= Beginning of Section =
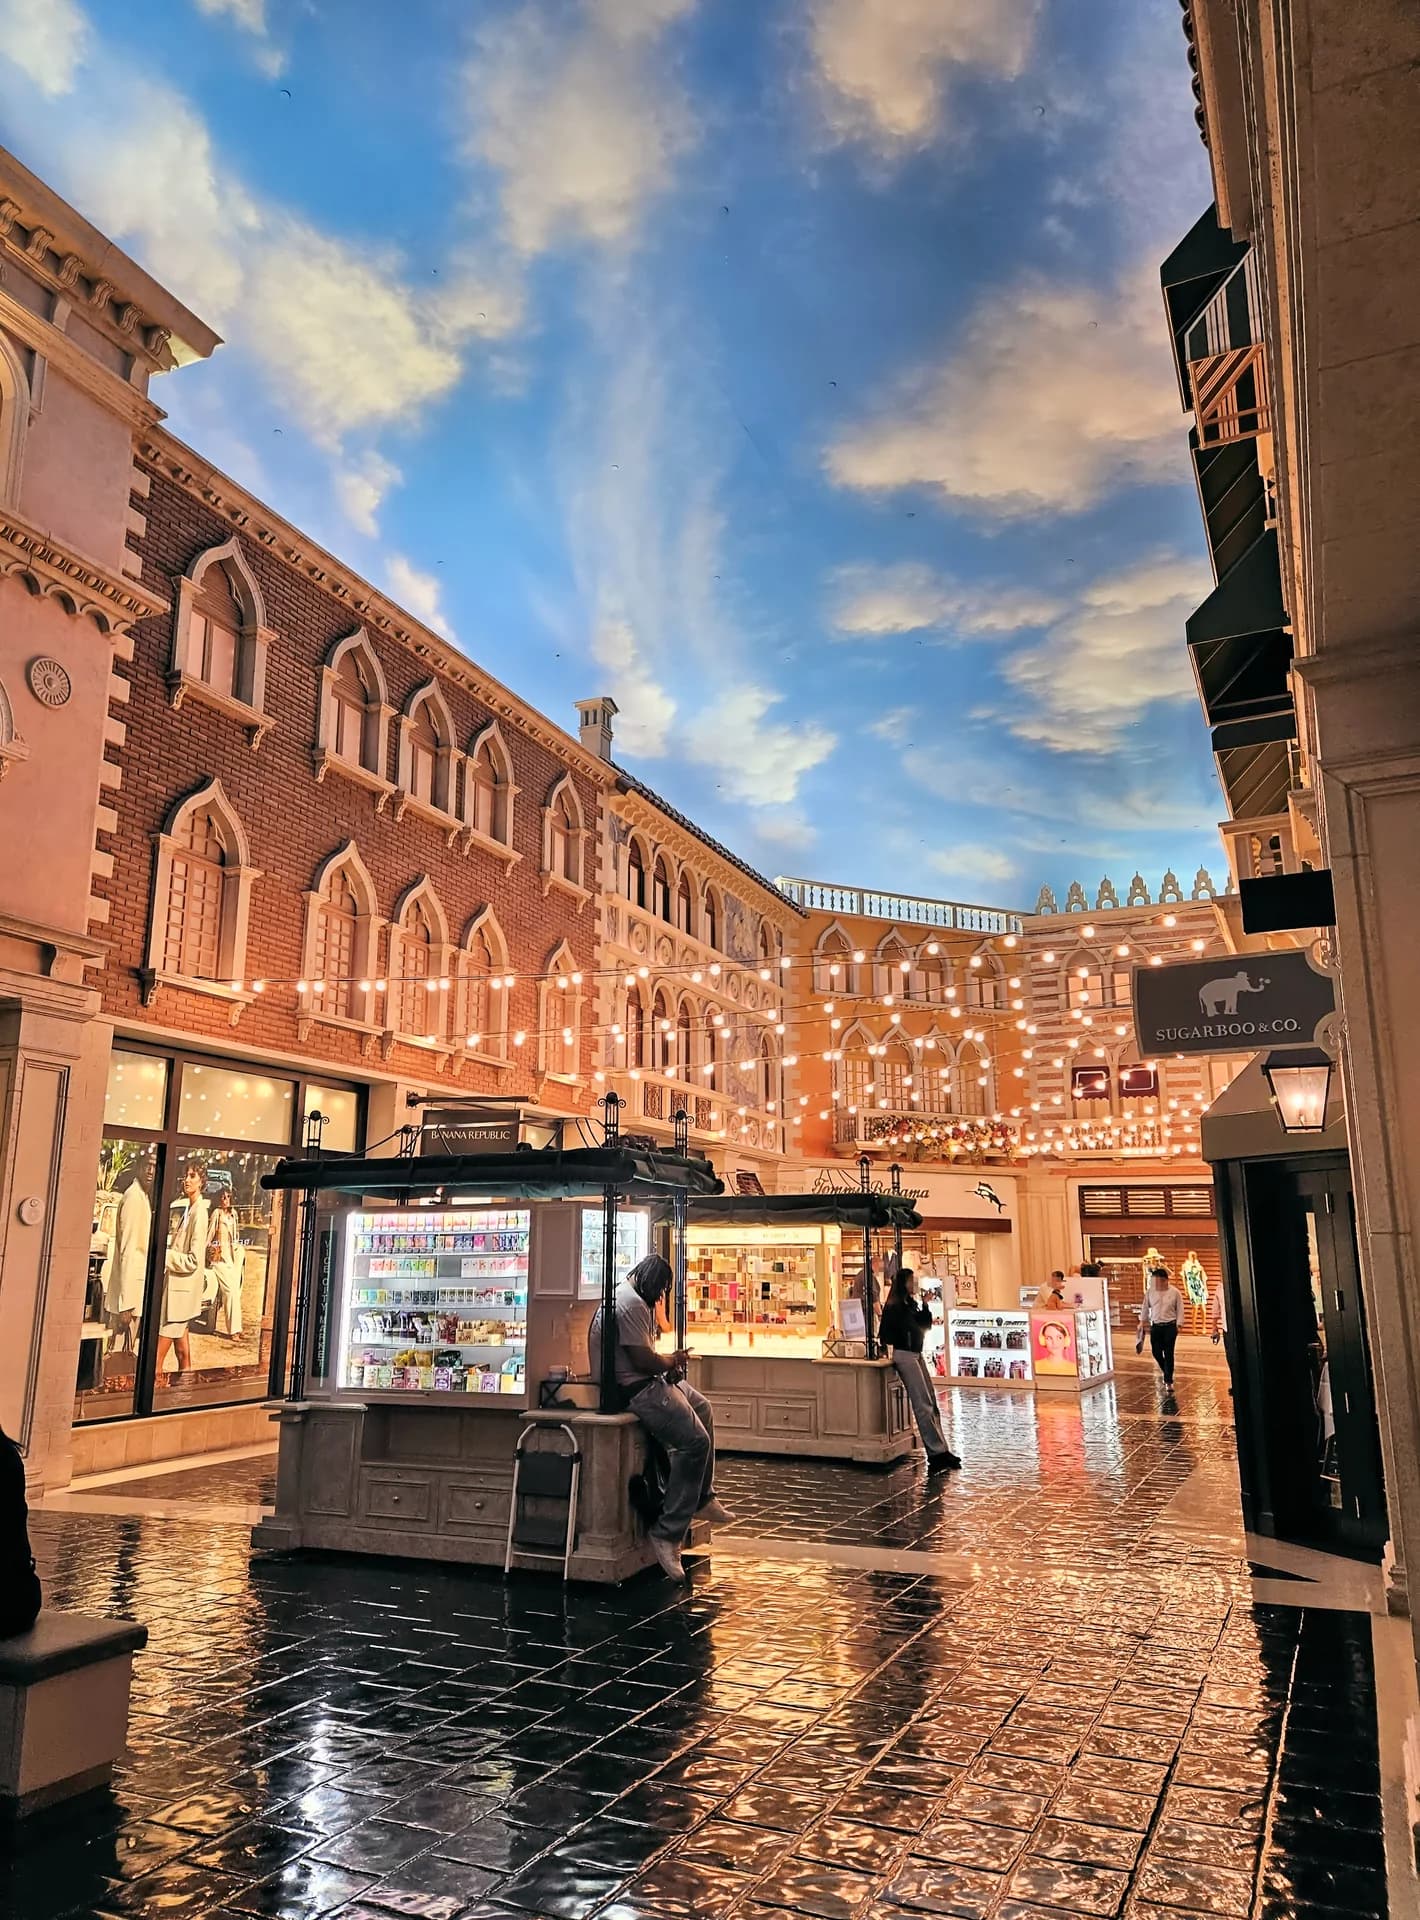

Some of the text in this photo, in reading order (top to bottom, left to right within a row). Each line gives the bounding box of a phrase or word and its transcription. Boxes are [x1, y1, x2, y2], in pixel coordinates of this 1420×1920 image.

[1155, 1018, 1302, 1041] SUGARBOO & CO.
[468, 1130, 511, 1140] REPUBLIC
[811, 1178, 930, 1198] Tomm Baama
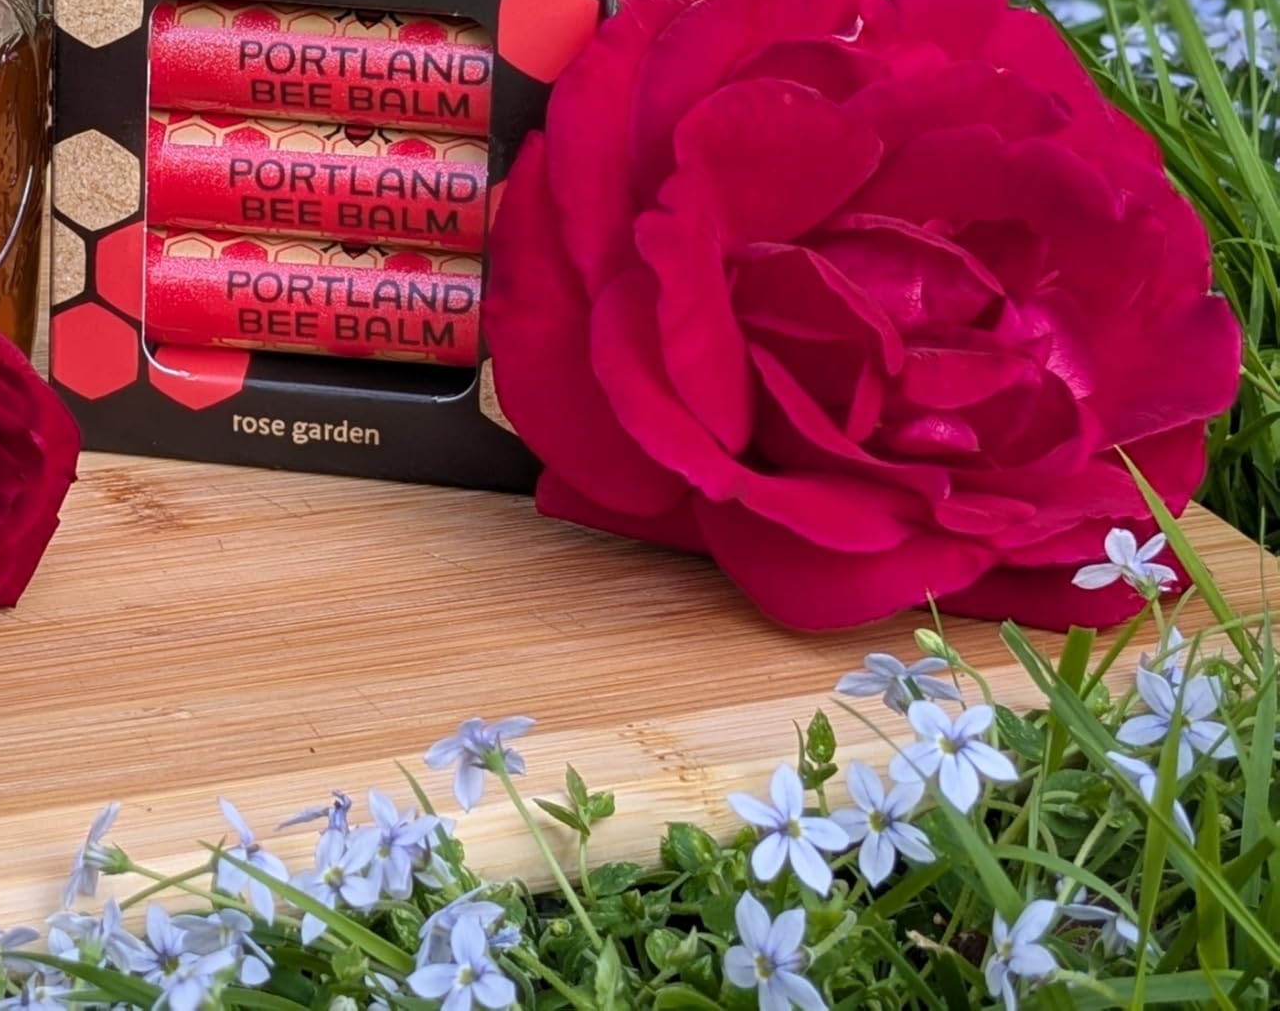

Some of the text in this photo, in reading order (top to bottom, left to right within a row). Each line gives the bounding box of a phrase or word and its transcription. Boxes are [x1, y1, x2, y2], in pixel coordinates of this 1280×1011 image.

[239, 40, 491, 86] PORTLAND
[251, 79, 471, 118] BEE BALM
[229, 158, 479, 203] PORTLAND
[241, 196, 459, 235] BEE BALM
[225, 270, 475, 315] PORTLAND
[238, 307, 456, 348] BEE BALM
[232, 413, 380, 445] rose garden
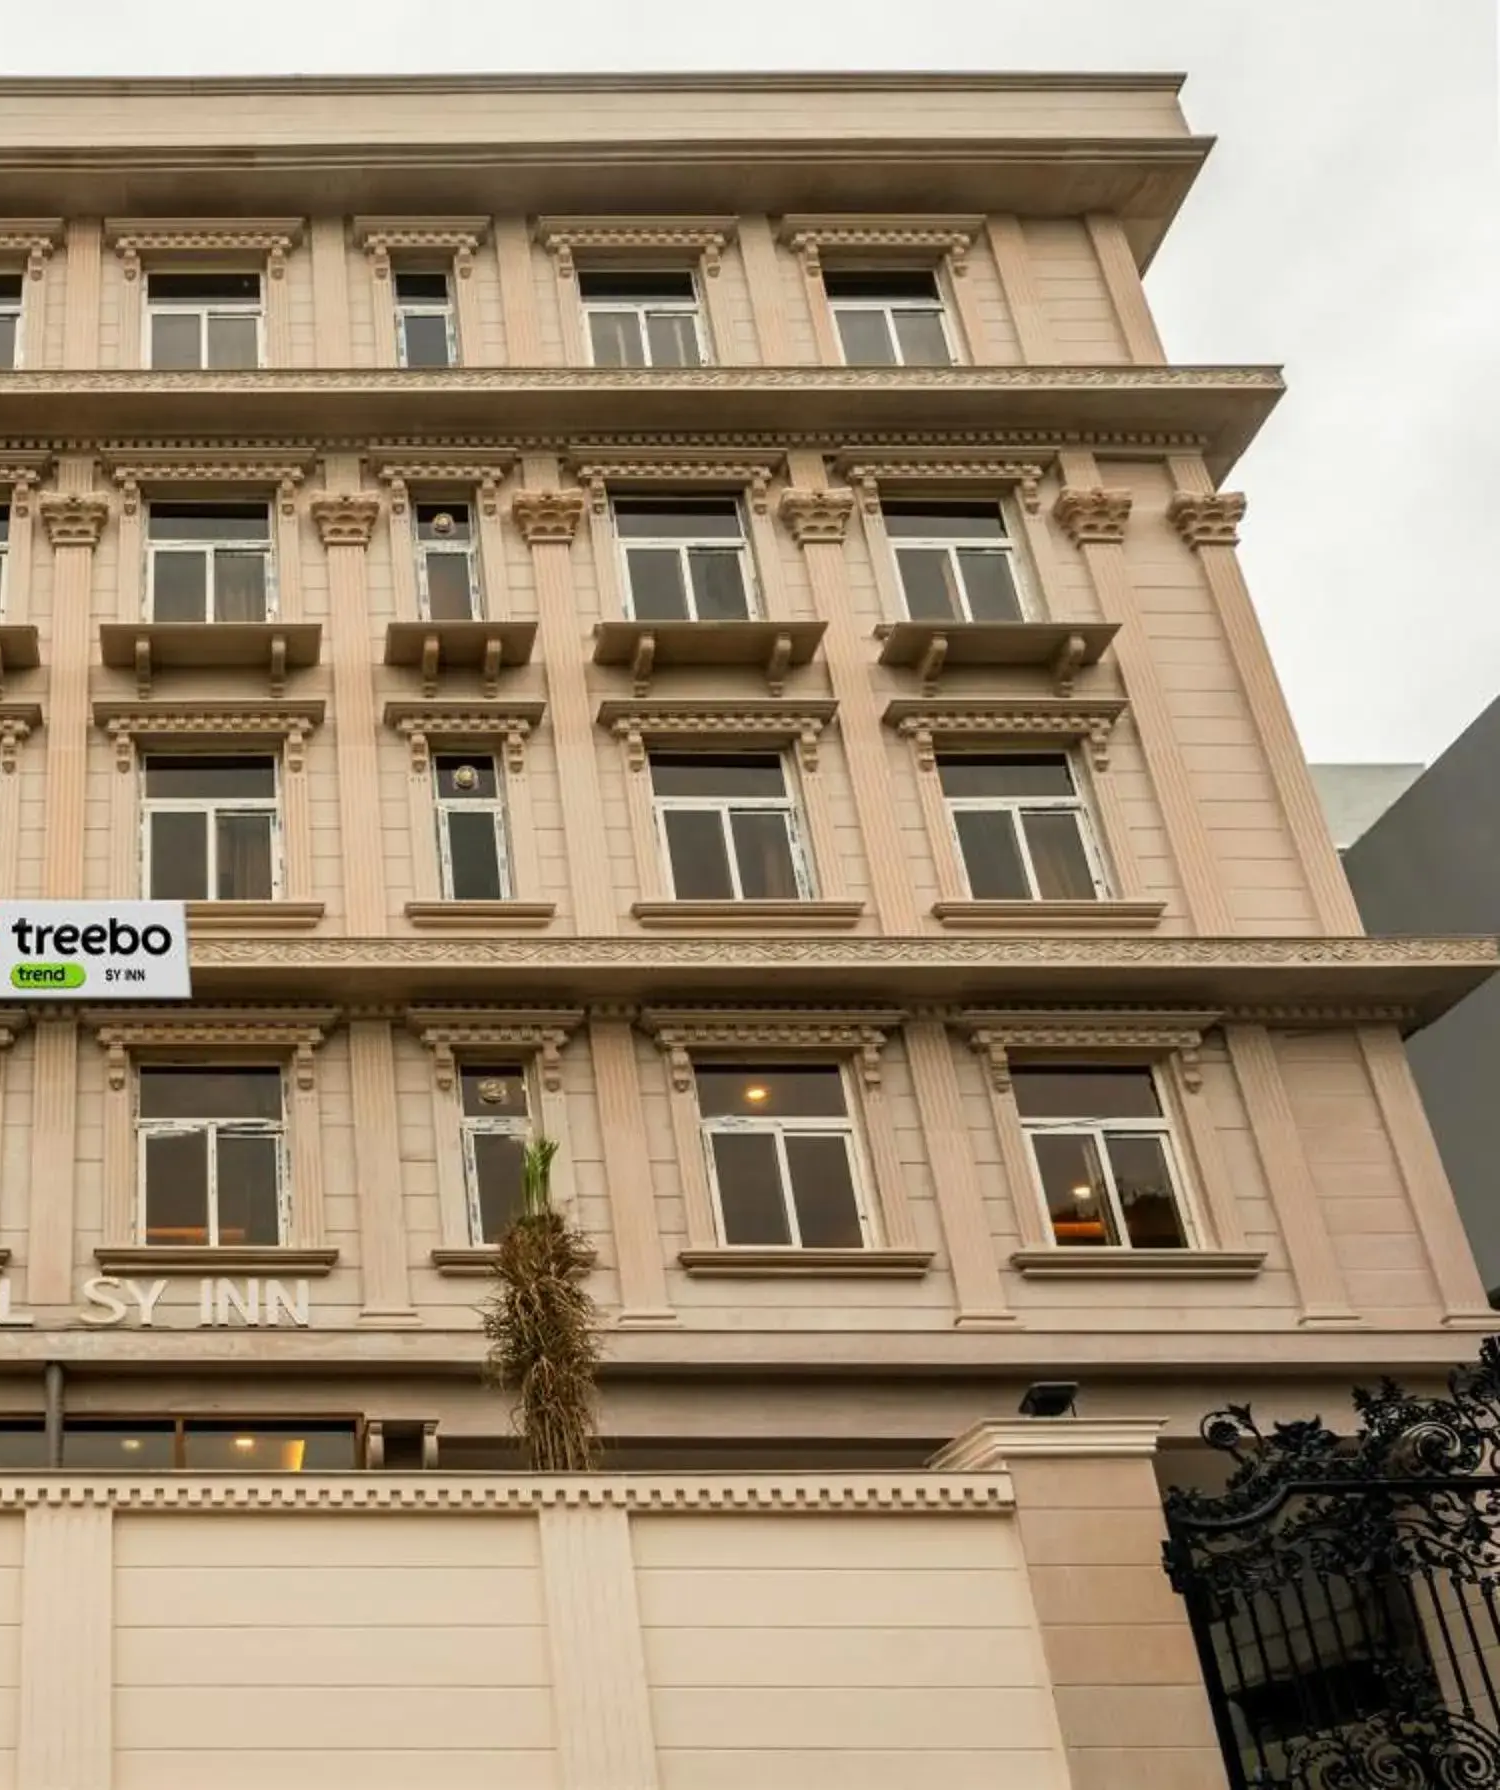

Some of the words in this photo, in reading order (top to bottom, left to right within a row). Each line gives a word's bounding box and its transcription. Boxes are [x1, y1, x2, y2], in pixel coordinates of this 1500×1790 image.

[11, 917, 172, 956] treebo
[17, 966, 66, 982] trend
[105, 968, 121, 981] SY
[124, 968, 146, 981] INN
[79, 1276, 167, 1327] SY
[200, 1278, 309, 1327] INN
= End of Section =
=== Work instruction ===
Give back the listing word for word, minus its images.

=== Written solution ===
Some of the text in this photo, in reading order (top to bottom, left to right within a row). Each line gives the bounding box of a phrase or word and its transcription. Boxes are [x1, y1, x2, y2], in pixel coordinates of this 1420×1920 image.

[1155, 1018, 1302, 1041] SUGARBOO & CO.
[468, 1130, 511, 1140] REPUBLIC
[811, 1178, 930, 1198] Tomm Baama

Some of the text in this photo, in reading order (top to bottom, left to right within a row). Each line gives the bounding box of a phrase or word and its transcription. Boxes are [x1, y1, x2, y2], in pixel coordinates of this 1280×1011 image.

[239, 40, 491, 86] PORTLAND
[251, 79, 471, 118] BEE BALM
[229, 158, 479, 203] PORTLAND
[241, 196, 459, 235] BEE BALM
[225, 270, 475, 315] PORTLAND
[238, 307, 456, 348] BEE BALM
[232, 413, 380, 445] rose garden

Some of the words in this photo, in reading order (top to bottom, left to right within a row). Each line gives a word's bounding box and its transcription. Boxes are [x1, y1, x2, y2], in pixel coordinates of this 1500×1790 image.

[11, 917, 172, 956] treebo
[17, 966, 66, 982] trend
[105, 968, 121, 981] SY
[124, 968, 146, 981] INN
[79, 1276, 167, 1327] SY
[200, 1278, 309, 1327] INN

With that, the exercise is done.